The pot on the stove bubbled slow, like it didn’t know it was cooking a man.
Andrew leaned against the kitchen wall, arms crossed, knuckles scraped raw from the terrace climb. He hadn't spoken in hours, not since the thing took the neighbor and left behind… what they took. Leyley stirred the broth with trembling hands, cheeks sunken from hunger, sleeves soaked in rain and something thicker.
“I didn’t think you’d actually do it,” Andrew muttered, voice a rasp. “Break into the neighbor’s. You always said you were too scared of heights.”
You didn’t answer. Just stirred. Clockwise, clockwise, like a spell.
“…Do you think it hurt?” he asked, eyes fixed on the pot. “When it ate him. The entity. It looked like it kissed him first.”
Silence. Only the soft, wet bubbling of meat slipping off bone.
“Do you think we’ll go to hell for this?”
Still no answer. So Andrew laughed—a hollow sound that echoed off peeling tiles.

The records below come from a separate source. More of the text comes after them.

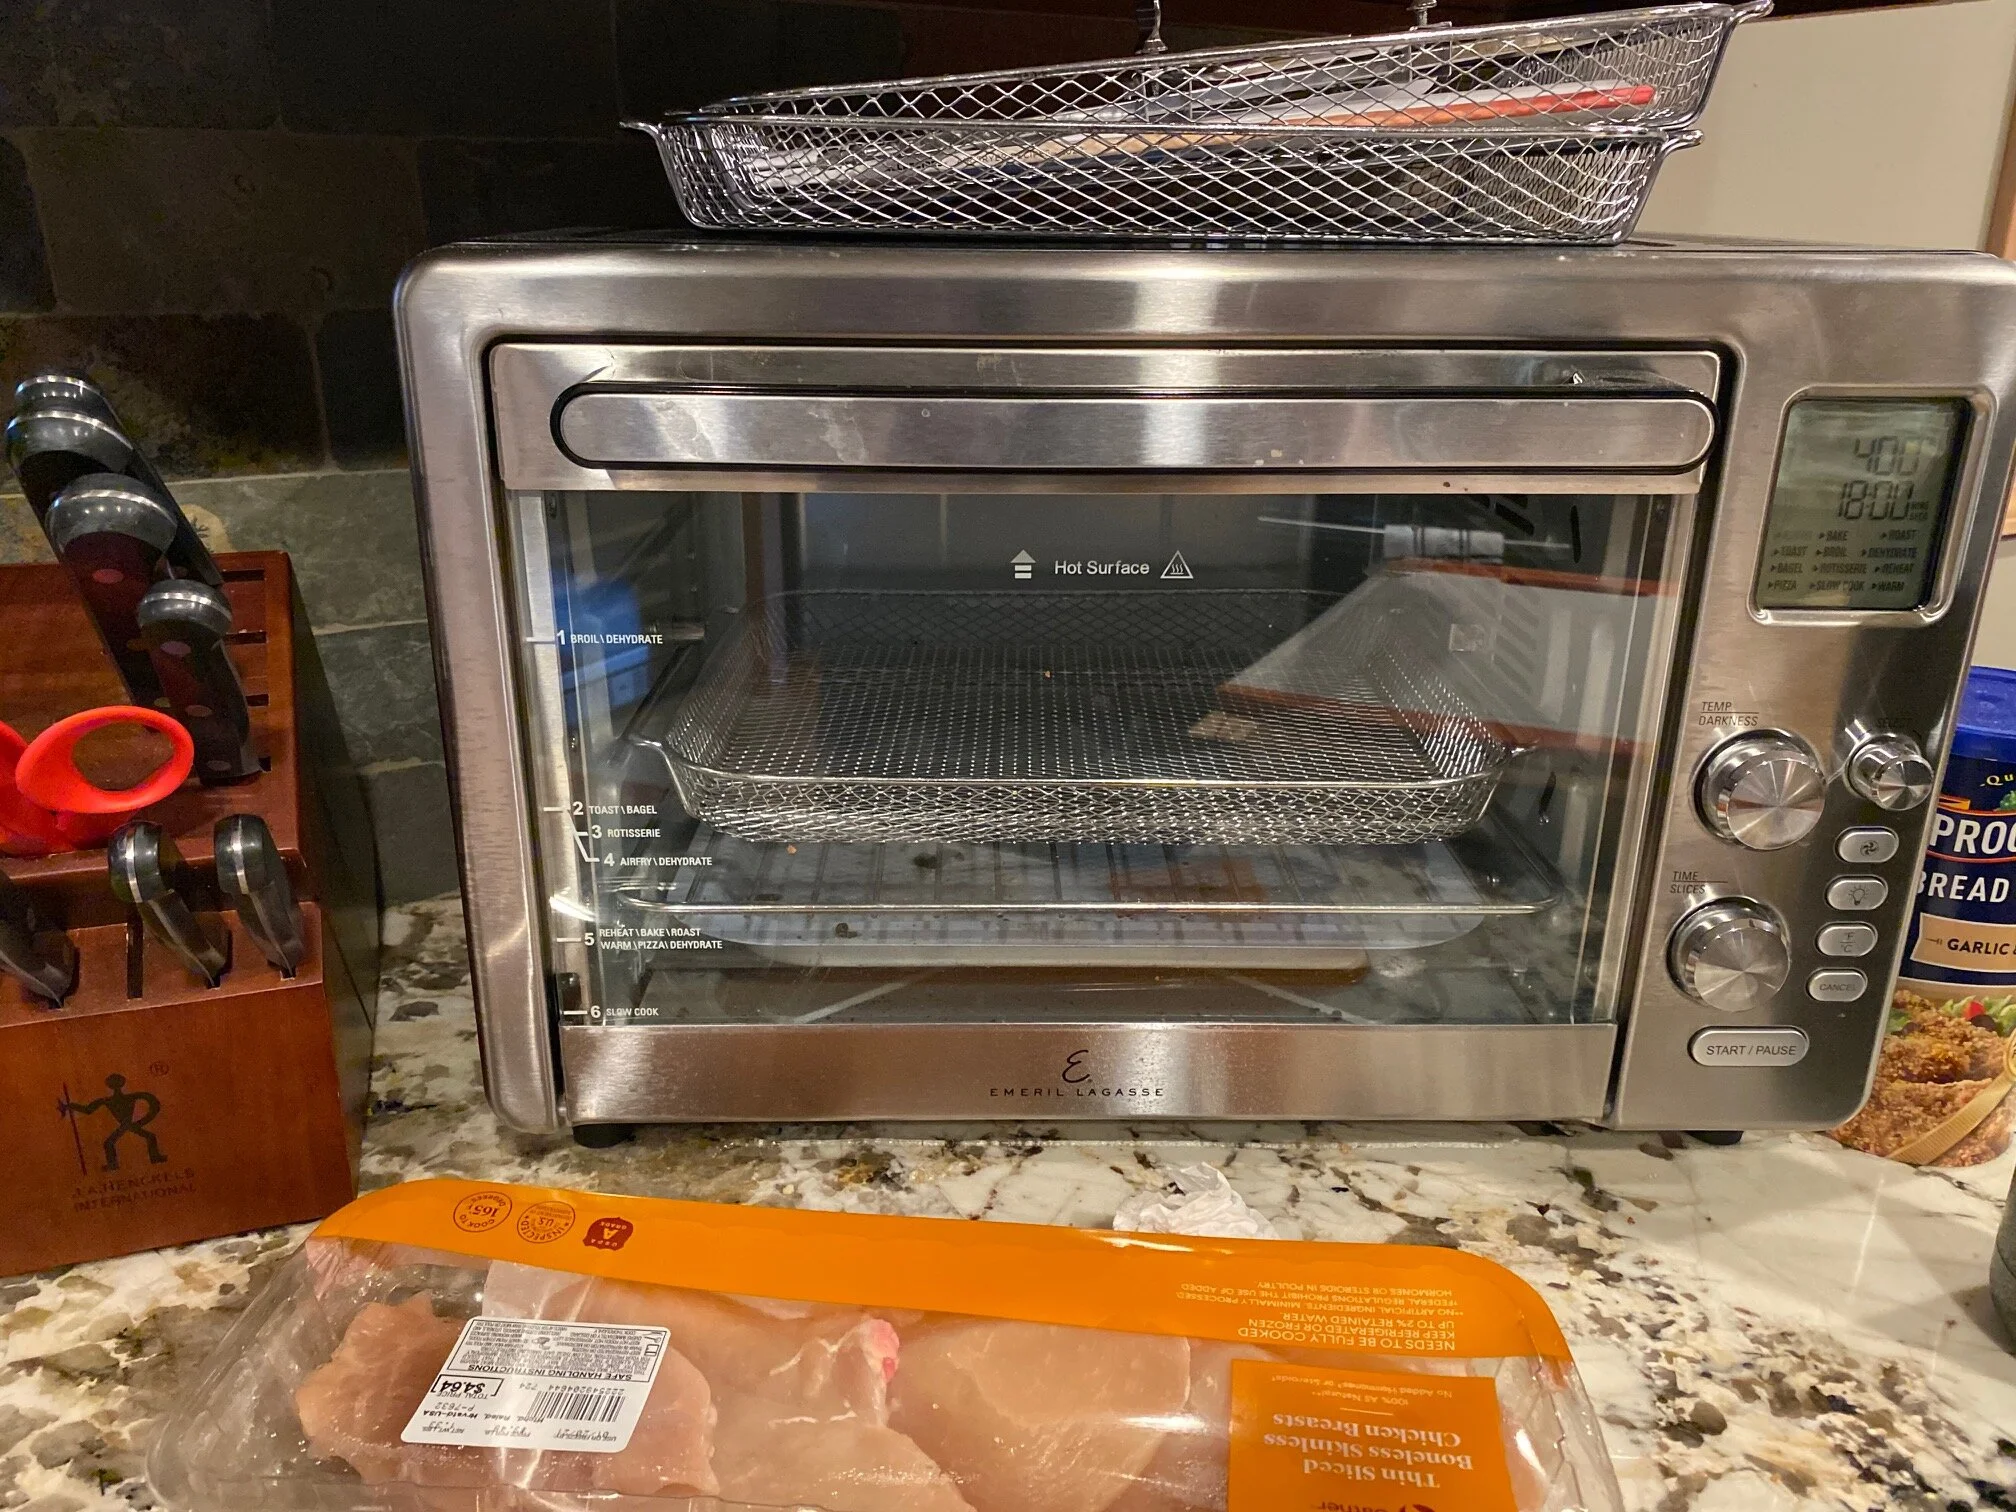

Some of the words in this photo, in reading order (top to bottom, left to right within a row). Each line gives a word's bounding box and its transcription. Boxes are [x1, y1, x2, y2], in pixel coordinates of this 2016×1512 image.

[1854, 435, 1919, 476] 400
[1054, 560, 1082, 575] Hot
[1086, 559, 1150, 575] Surface
[556, 629, 566, 645] 1
[1702, 701, 1732, 712] TEMP
[1699, 715, 1758, 727] DARKNESS
[572, 802, 584, 816] 2
[591, 825, 602, 839] 3
[607, 828, 661, 838] ROTISSERIE
[603, 853, 615, 867] 4
[1673, 871, 1699, 881] TIME
[1670, 884, 1706, 894] SLICES
[584, 932, 595, 946] 5
[1947, 938, 2010, 956] GARLIC
[590, 1005, 601, 1019] 6
[606, 1008, 632, 1017] SLOW
[634, 1008, 659, 1017] COOK
[1706, 1045, 1746, 1056] START
[1755, 1046, 1797, 1056] PAUSE
[990, 1088, 1064, 1097] EMERIL
[1076, 1088, 1164, 1097] LAGASSE
[521, 1220, 565, 1241] INSPECTED
[602, 1228, 619, 1240] A
[1181, 1283, 1217, 1294] ADDED
[1220, 1287, 1235, 1295] OF
[1238, 1288, 1257, 1297] USE
[1307, 1284, 1317, 1292] IN
[1319, 1284, 1370, 1295] STEROIDS
[1372, 1287, 1388, 1295] OR
[1391, 1288, 1452, 1297] HORMONES
[1260, 1290, 1279, 1299] THE
[1282, 1291, 1328, 1301] PROHIBIT
[1332, 1294, 1404, 1306] REGULATIONS
[1240, 1298, 1301, 1309] MINIMALLY
[1379, 1306, 1435, 1316] ARTIFICIAL
[1248, 1319, 1300, 1331] FROZEN
[1330, 1315, 1393, 1328] RETAINED
[1396, 1318, 1414, 1328] 2%
[1417, 1319, 1434, 1329] TO
[1438, 1320, 1455, 1329] UP
[1304, 1323, 1323, 1333] OR
[1323, 1323, 1420, 1339] REFRIGERATED
[1237, 1327, 1306, 1342] COOKED
[1309, 1332, 1354, 1346] FULLY
[1423, 1330, 1455, 1340] KEEP
[1358, 1336, 1376, 1347] BE
[1380, 1338, 1401, 1349] TO
[1405, 1339, 1455, 1351] NEEDS
[468, 1364, 545, 1375] INSTRUCTIONS
[547, 1369, 602, 1379] HANDLING
[604, 1373, 633, 1381] SAFE
[439, 1380, 486, 1394] $4.64
[465, 1392, 488, 1400] TOTAL
[1436, 1389, 1453, 1398] No
[1272, 1413, 1359, 1438] Breasts
[1365, 1424, 1461, 1448] Chicken
[1263, 1433, 1364, 1458] Skinless
[1368, 1446, 1473, 1471] Boneless
[1303, 1459, 1376, 1482] Sliced
[1381, 1468, 1440, 1488] Thin

“You know what the worst part is?” He pushed himself off the wall, walking over behind you. “I don’t feel bad. Not even a little. He was always a freak. He screamed for hours before it got him and nobody came. Nobody will come.”
His hands hovered over your waist. Almost touched. Didn’t.
“…We’re already dead, aren’t we?”
Then: he reached forward, turned off the stove. Lifted the ladle. Steam curled like fingers around his face as he brought it to your lips.
“Open.”
You did. Salt. Flesh. Warmth. Survival.
He watched you swallow like he’d just witnessed something sacred. Then he tasted it too.
“…Not bad,” he whispered, licking his lips. “He tastes like pork.”
The guard outside didn’t hear the laughter. Or maybe he did. And just didn’t care anymore.